==== Available records ====
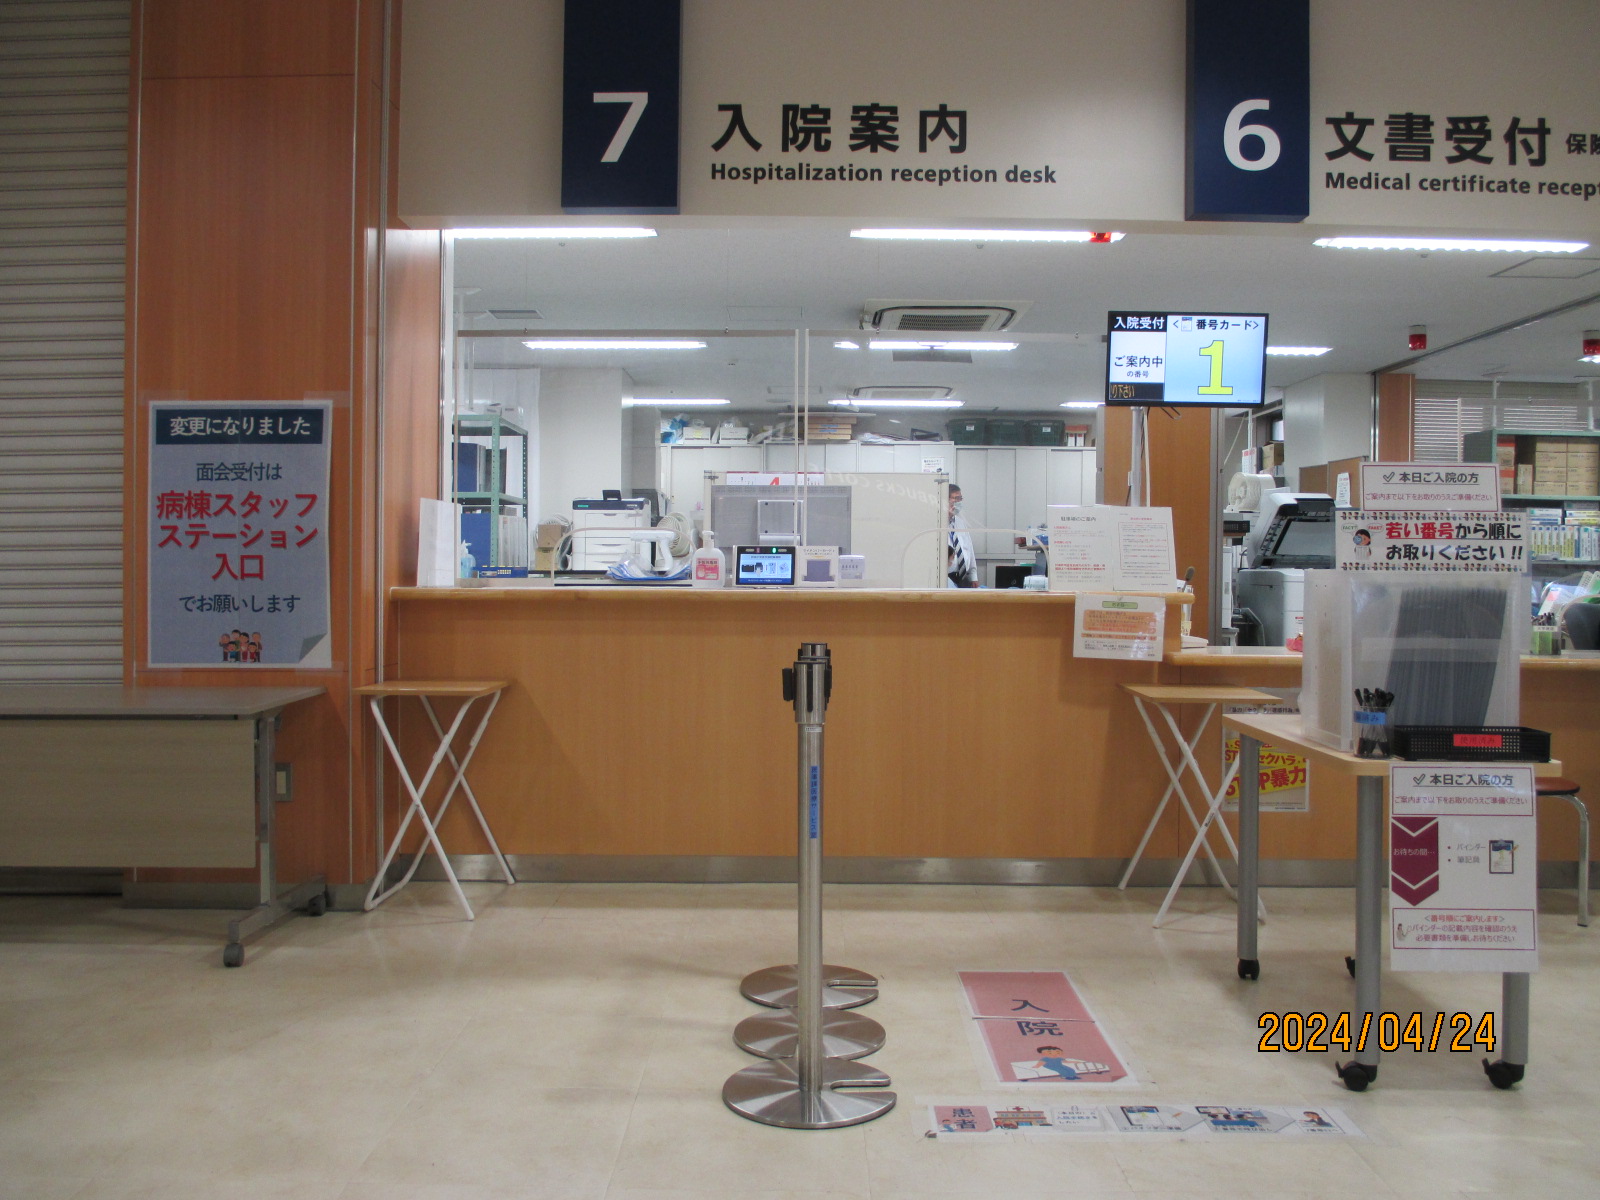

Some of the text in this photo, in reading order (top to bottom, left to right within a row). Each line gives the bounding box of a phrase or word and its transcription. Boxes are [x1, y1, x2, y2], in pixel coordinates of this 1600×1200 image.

[593, 91, 649, 163] 7
[711, 103, 968, 154] 入院案内
[1223, 99, 1282, 172] 6
[1325, 111, 1552, 168] 文書受付
[711, 163, 1057, 187] Hospitalization reception desk
[1325, 171, 1411, 191] Medical
[1418, 173, 1531, 195] certificate
[1113, 315, 1165, 330] 入院受付
[1114, 355, 1163, 369] ご案内中
[1197, 339, 1233, 395] 1
[1126, 370, 1150, 379] の番号
[170, 416, 311, 437] 変更になりました
[196, 462, 282, 482] 面会受付は
[1398, 471, 1480, 484] 本日ご入院の方
[156, 490, 319, 520] 病棟スタッフ
[157, 523, 319, 550] ステーション
[1385, 521, 1522, 540] 若い番号から順に
[212, 553, 265, 581] 入口
[179, 594, 301, 613] でお願いします
[1429, 773, 1514, 786] 本日ご入院の方
[1010, 998, 1064, 1037] 入院
[952, 1107, 978, 1130] 患者
====
You are asked to reproduce each line above exactly, but to exclude the pictures.

Some of the text in this photo, in reading order (top to bottom, left to right within a row). Each line gives the bounding box of a phrase or word and its transcription. Boxes are [x1, y1, x2, y2], in pixel coordinates of this 1600×1200 image.

[593, 91, 649, 163] 7
[711, 103, 968, 154] 入院案内
[1223, 99, 1282, 172] 6
[1325, 111, 1552, 168] 文書受付
[711, 163, 1057, 187] Hospitalization reception desk
[1325, 171, 1411, 191] Medical
[1418, 173, 1531, 195] certificate
[1113, 315, 1165, 330] 入院受付
[1114, 355, 1163, 369] ご案内中
[1197, 339, 1233, 395] 1
[1126, 370, 1150, 379] の番号
[170, 416, 311, 437] 変更になりました
[196, 462, 282, 482] 面会受付は
[1398, 471, 1480, 484] 本日ご入院の方
[156, 490, 319, 520] 病棟スタッフ
[157, 523, 319, 550] ステーション
[1385, 521, 1522, 540] 若い番号から順に
[212, 553, 265, 581] 入口
[179, 594, 301, 613] でお願いします
[1429, 773, 1514, 786] 本日ご入院の方
[1010, 998, 1064, 1037] 入院
[952, 1107, 978, 1130] 患者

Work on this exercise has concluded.